Uh, maybe because The Upside used to be a Weinstein joint, and she had just been in Weinstein’s successful Lion alongside Dev Patel? Or maybe because no one saw Queen of the Desert and she needed to fill a gap in her schedule? I DON’T HAVE ALL THE ANSWERS. I’M SORRY. (KEEP READING.)
FOURTH QUESTION: I asked already if you’re a fan of Kevin Hart, but here’s another spin on that: Do you think he’s funny?
If you answer YES: If you’re already a Hart fan (hello! you stuck around, thanks!), then … yeah, I guess so. Hart does his typical motormouthed inappropriate thing, flirting with everyone — in particular Phillip’s doctor, played by Golshifteh Farahani, who deserves better than this — and making a lot of sexually themed jokes and, you know, doing homophobic shit. I mean, you knew this was coming, right? You KNEW. So you can skip on over to the NO answer for more details on that.
If you answer NO: The most “of course” moment related to Hart’s character Dell is when it’s time to change Phillip’s catheter. Touch another man’s … penis? OH NO! In fact, Dell can’t even say the word “penis.” It makes him uncomfortable, and he makes some comments about not wanting to touch another guy or give him “mouth to mouth,” but at this point his character has formed a bit of a bond with Phillip, but then Phillip starts becoming engorged, and that freaks out Dell EVEN MORE because oh no, that flaccid penis became turgid! MIND-EXPLOSION EMOJI!
The whole overly long, very uncomfortable scene is a trip. And by trip I mean it is homophobic and not funny! (Dell eventually puts the catheter in. He and Phillip act all bashful and weird when Yvonne comes into the room to ask what they’re doing. “Oh no, hope she didn’t think we were doing anything gay!” is practically in cartoon text bubbles over Hart’s and Cranston’s heads.
FIFTH QUESTION: Do you want your heart to be warmed?
If you answer YES: OK, then don’t see The Upside!
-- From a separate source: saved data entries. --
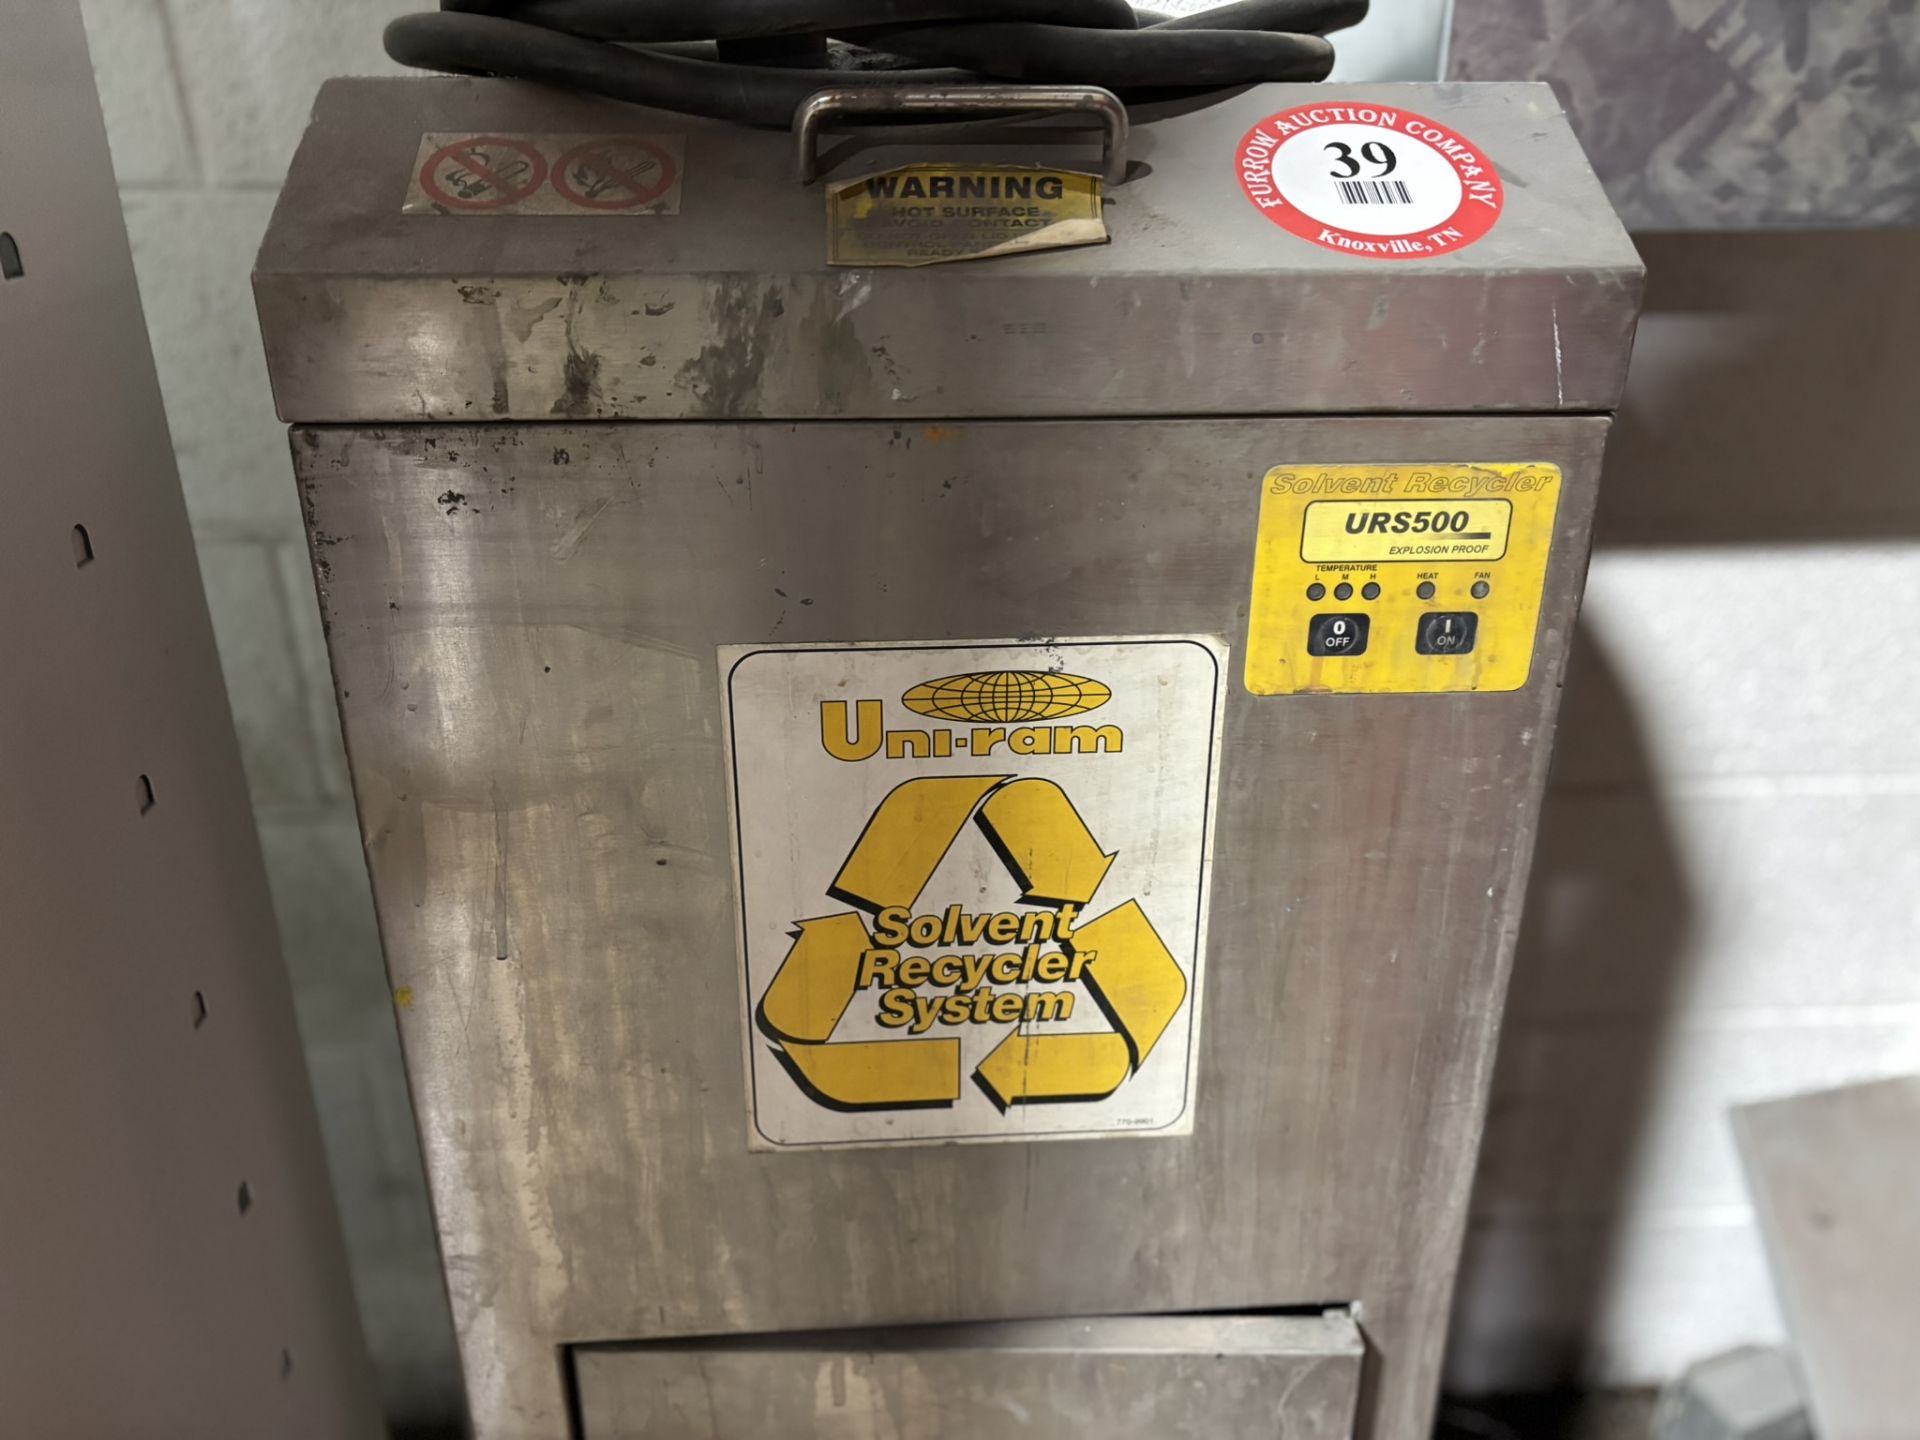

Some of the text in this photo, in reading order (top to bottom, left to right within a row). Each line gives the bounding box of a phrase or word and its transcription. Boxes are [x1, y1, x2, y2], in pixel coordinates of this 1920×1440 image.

[1242, 108, 1497, 209] FURROW AUCTION COMPANY
[1323, 141, 1397, 178] 39
[865, 176, 1064, 200] WARNING
[892, 206, 1040, 218] HOT SURFACE
[955, 219, 1052, 228] ONTACT
[1317, 226, 1464, 253] Knoxville, TN
[1270, 472, 1555, 497] Solvent Recycler
[1345, 510, 1470, 534] URS500
[1389, 544, 1489, 555] EXPLOSION PROOF
[1316, 564, 1378, 573] TEMPERATURE
[1417, 572, 1439, 580] HEAT
[1474, 572, 1491, 580] FAN
[1325, 637, 1351, 647] OFF
[1437, 636, 1456, 646] ON
[871, 903, 1080, 950] Solvent
[855, 943, 1098, 994] Recycler
[875, 986, 1075, 1035] System
Maybe stay home and watch GBBO! Or watch that Lindsay Lohan beach club show and read Mieka’s review! Seriously! I think anything would be more inspirational than this film!
If you answer NO: Let’s check if you’re a cold-hearted monster: Early in the film, Dell realizes that he needs to pace himself when feeding Phillip yogurt with kumquats and granola (I am so hungry, BTW), otherwise, Phillip will get all messy. When he wipes Phillip’s face, that moment is used to demonstrate that Dell has never done anything for anyone else before, and so this is personal growth. Later in the film, when Dell connects with his estranged son, and he, Phillip, and the young teen are all eating ice cream together, Dell then wipes his son’s face of a splotch of ice cream. Just like he did for Phillip! Because he’s LEARNED and ADVANCED as a MAN.
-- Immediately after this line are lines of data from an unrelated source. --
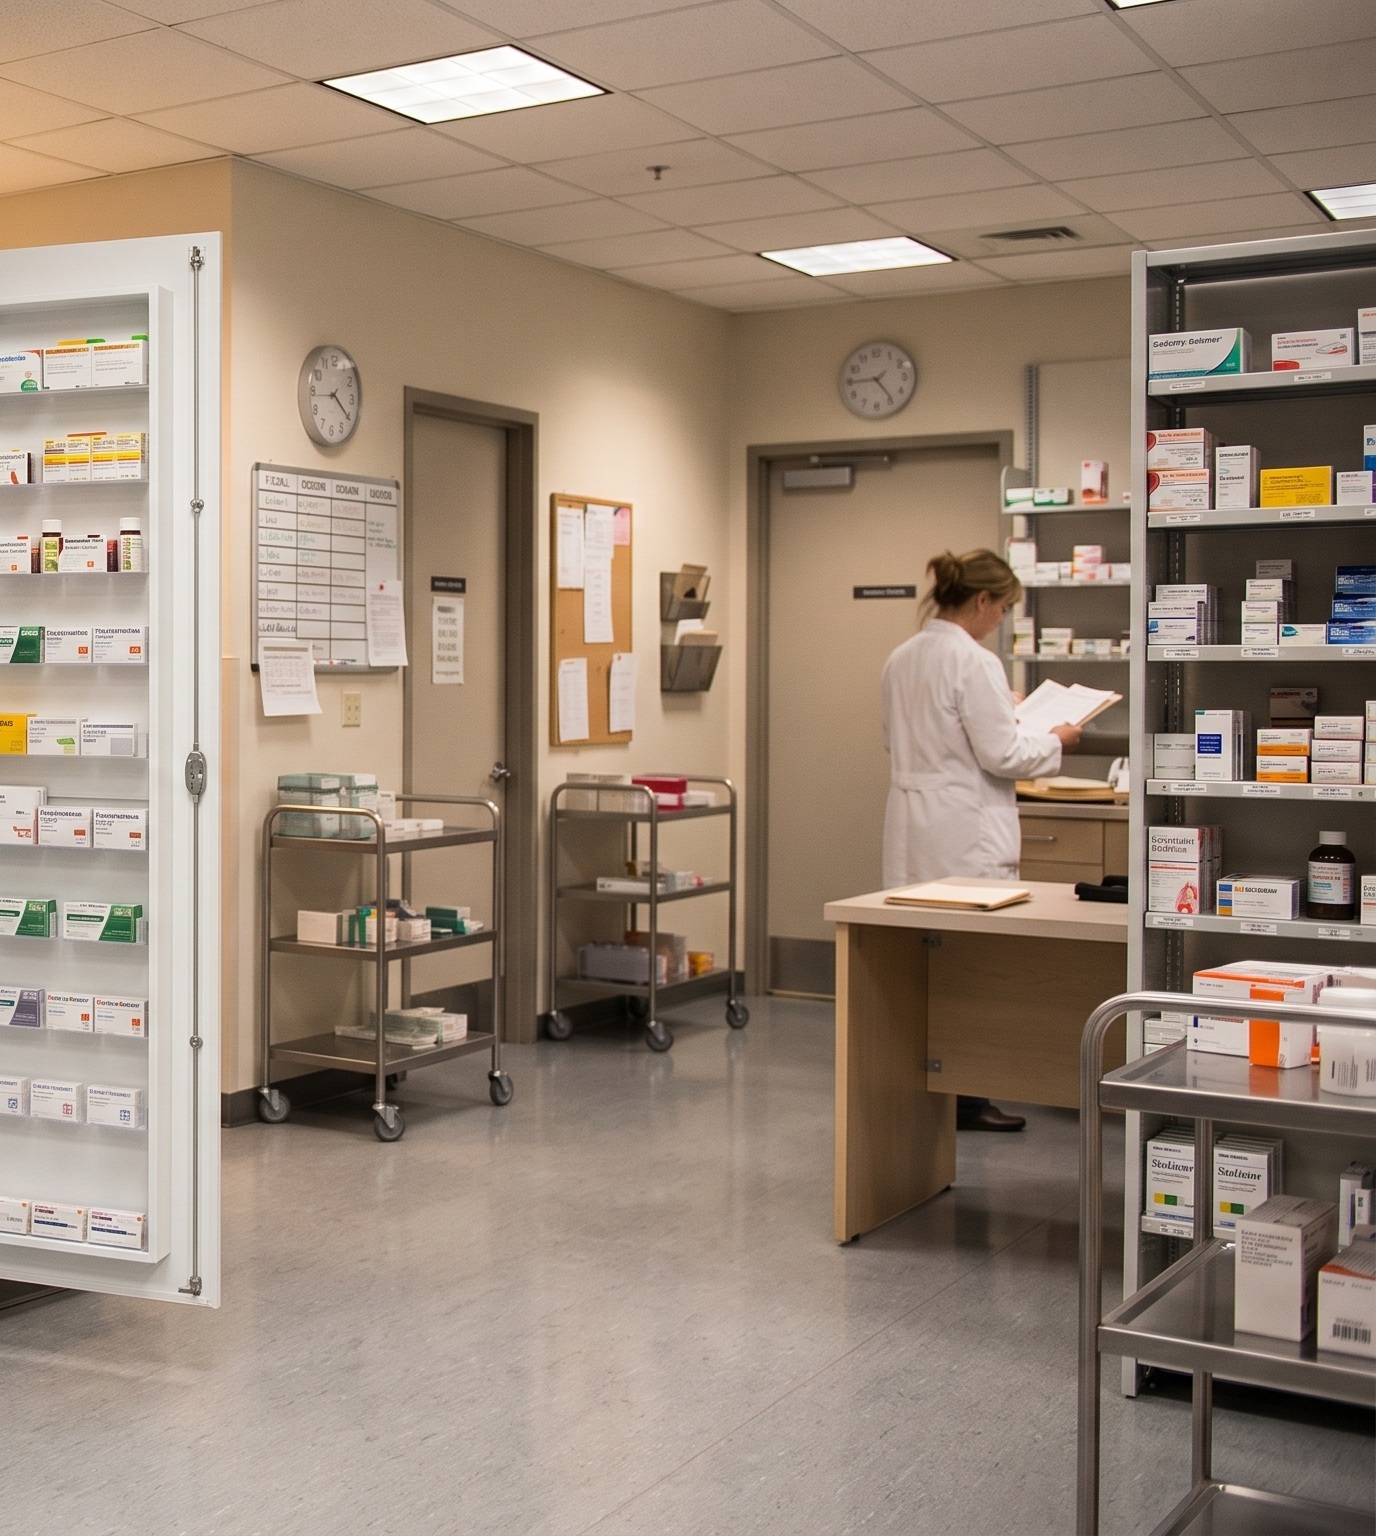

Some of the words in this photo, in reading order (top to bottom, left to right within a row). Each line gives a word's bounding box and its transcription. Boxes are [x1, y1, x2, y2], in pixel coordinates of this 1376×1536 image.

[321, 357, 328, 370] 11
[347, 376, 353, 387] 2
[310, 385, 316, 396] 9
[349, 394, 354, 405] 3
[313, 404, 318, 415] 8
[320, 417, 326, 429] 7
[339, 421, 344, 434] 5
[329, 425, 334, 436] 6
… You felt nothing about that? Join the club! Welcome! Dues must be paid in the blood of innocents!
SIXTH AND FINAL QUESTION: Did you watch The OC?
If you answer YES: UM GOOD ME TOO GUESS WHAT MARISSA’S DEADBEAT DAD JIMMY COOPER IS IN THIS THING. UM, REAL NAME: TATE DONOVAN.
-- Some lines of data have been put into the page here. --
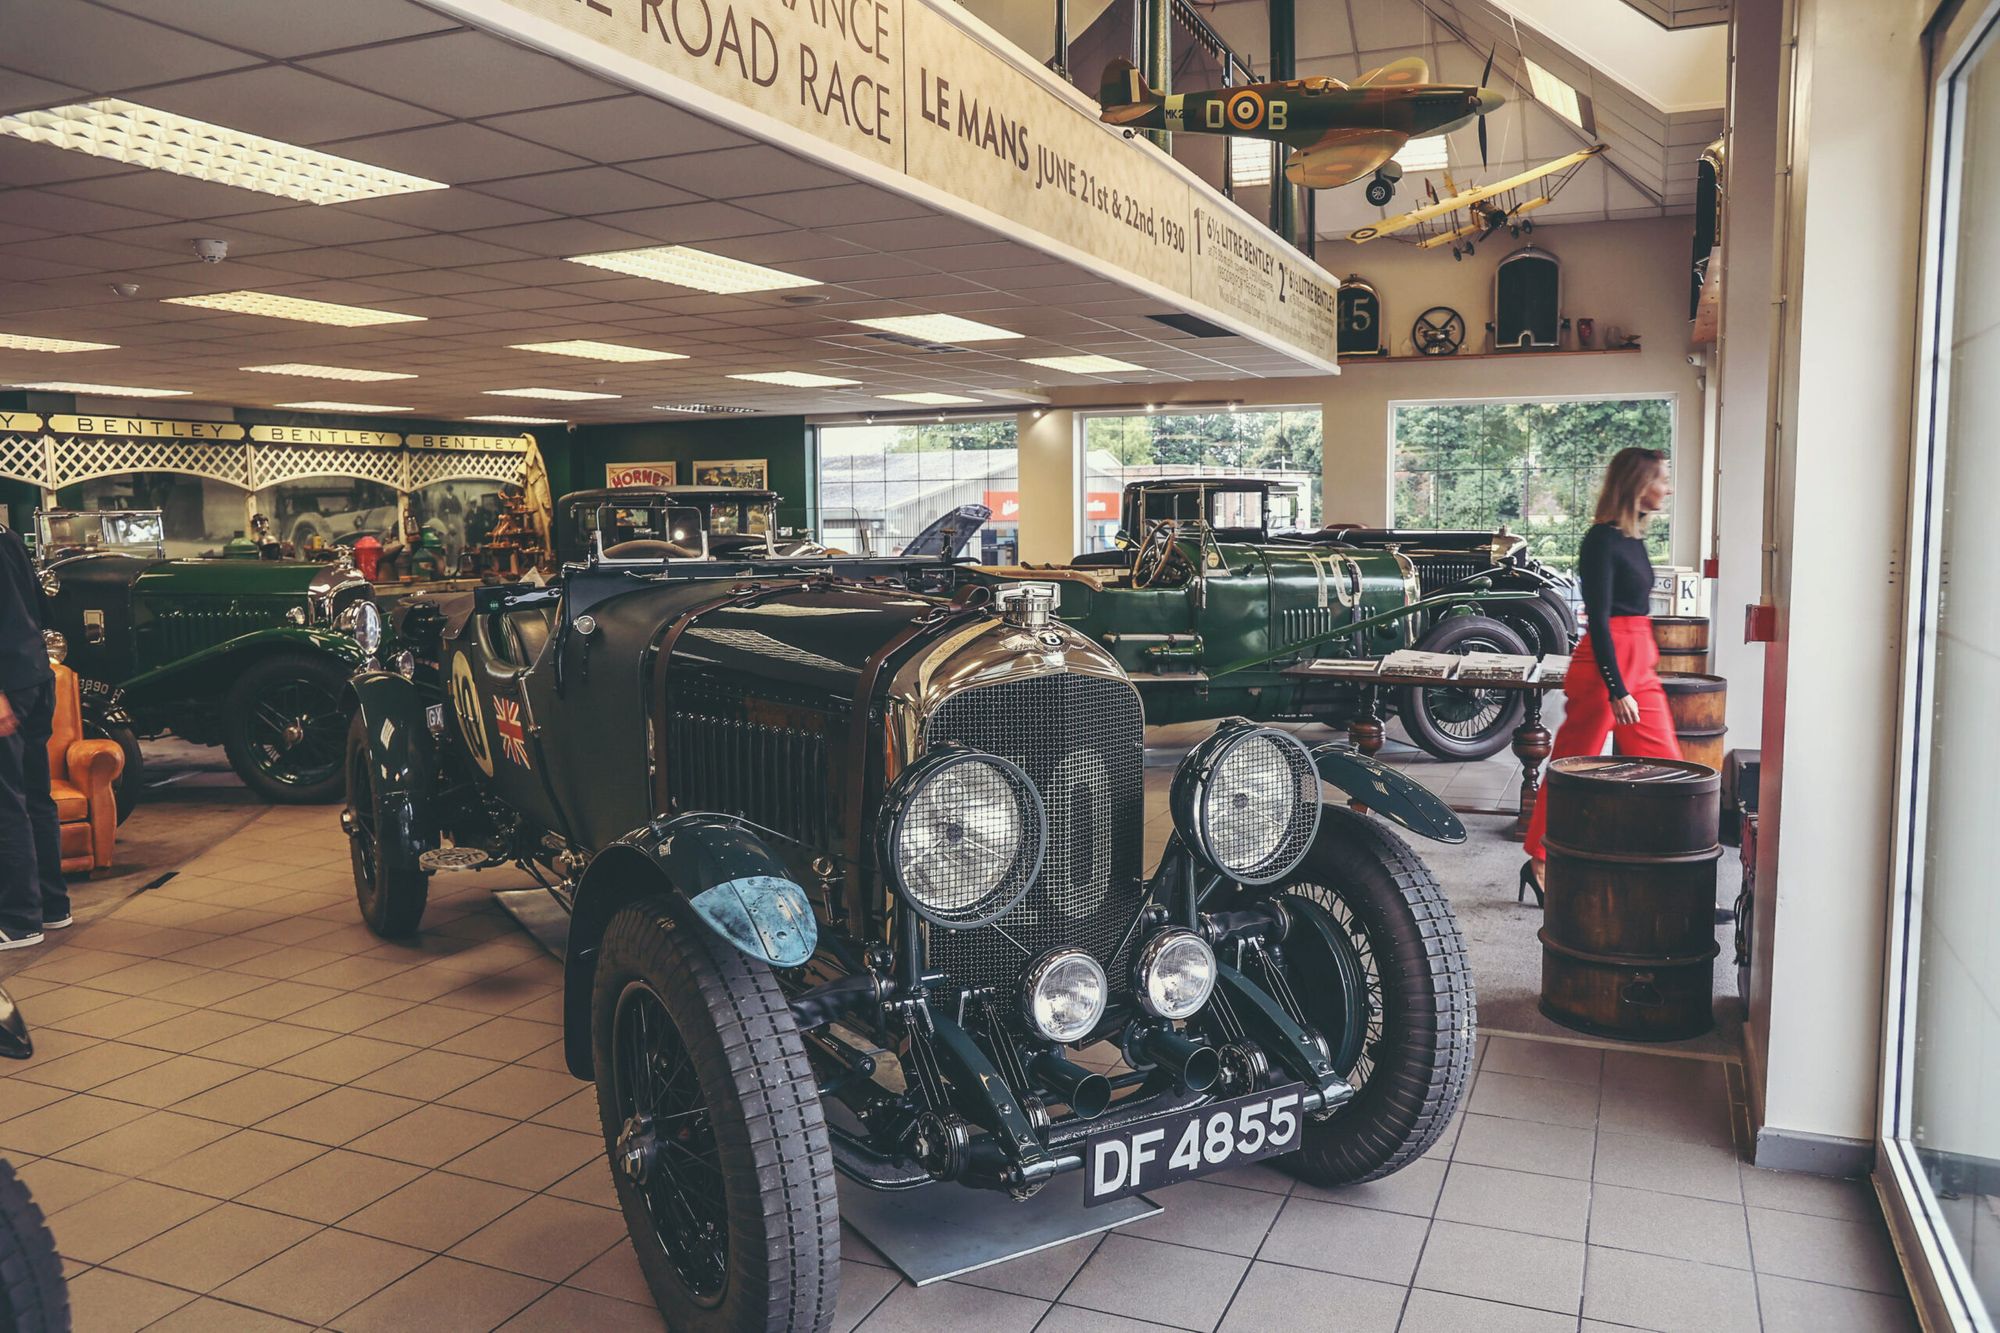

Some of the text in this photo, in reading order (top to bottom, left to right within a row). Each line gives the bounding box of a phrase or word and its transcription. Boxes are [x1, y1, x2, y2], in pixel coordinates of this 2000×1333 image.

[800, 43, 890, 144] RACE
[1206, 100, 1288, 130] D B
[920, 67, 1185, 253] LE MANS JUNE 21st & 22nd, 1930
[1221, 223, 1243, 258] LITRE
[1244, 239, 1274, 277] BENTLEY
[78, 417, 223, 438] BENTLEY
[271, 427, 386, 445] BENTLEY
[423, 436, 517, 450] BENTLEY
[611, 469, 670, 487] HORNET
[1681, 580, 1695, 599] K
[1094, 1094, 1299, 1197] DF 4855
He’s an asshole in this movie, playing one of Phillip’s similarly rich neighbors who is aghast that Dell is in their building, tries to get him fired by bringing up his prison time, and then actually spends $50,000 on a painting that Dell created when Phillip tricks him into buying it. If this whole movie had just been Phillip and Dell pranking Jimmy Cooper, I would have enjoyed it a lot more. What a bummer.
If you answer NO: You were never in the OC, bitch? GO FIX THAT PART OF YOUR LIFE. SPEND SOME TIME WATCHING MARISSA AND RYAN AND SETH AND SUMMER. Literally any episode you watch will probably be better than The Upside. More dramatically developed! More poignantly acted! With a better soundtrack! I could keep going!
For real though, don’t see The Upside.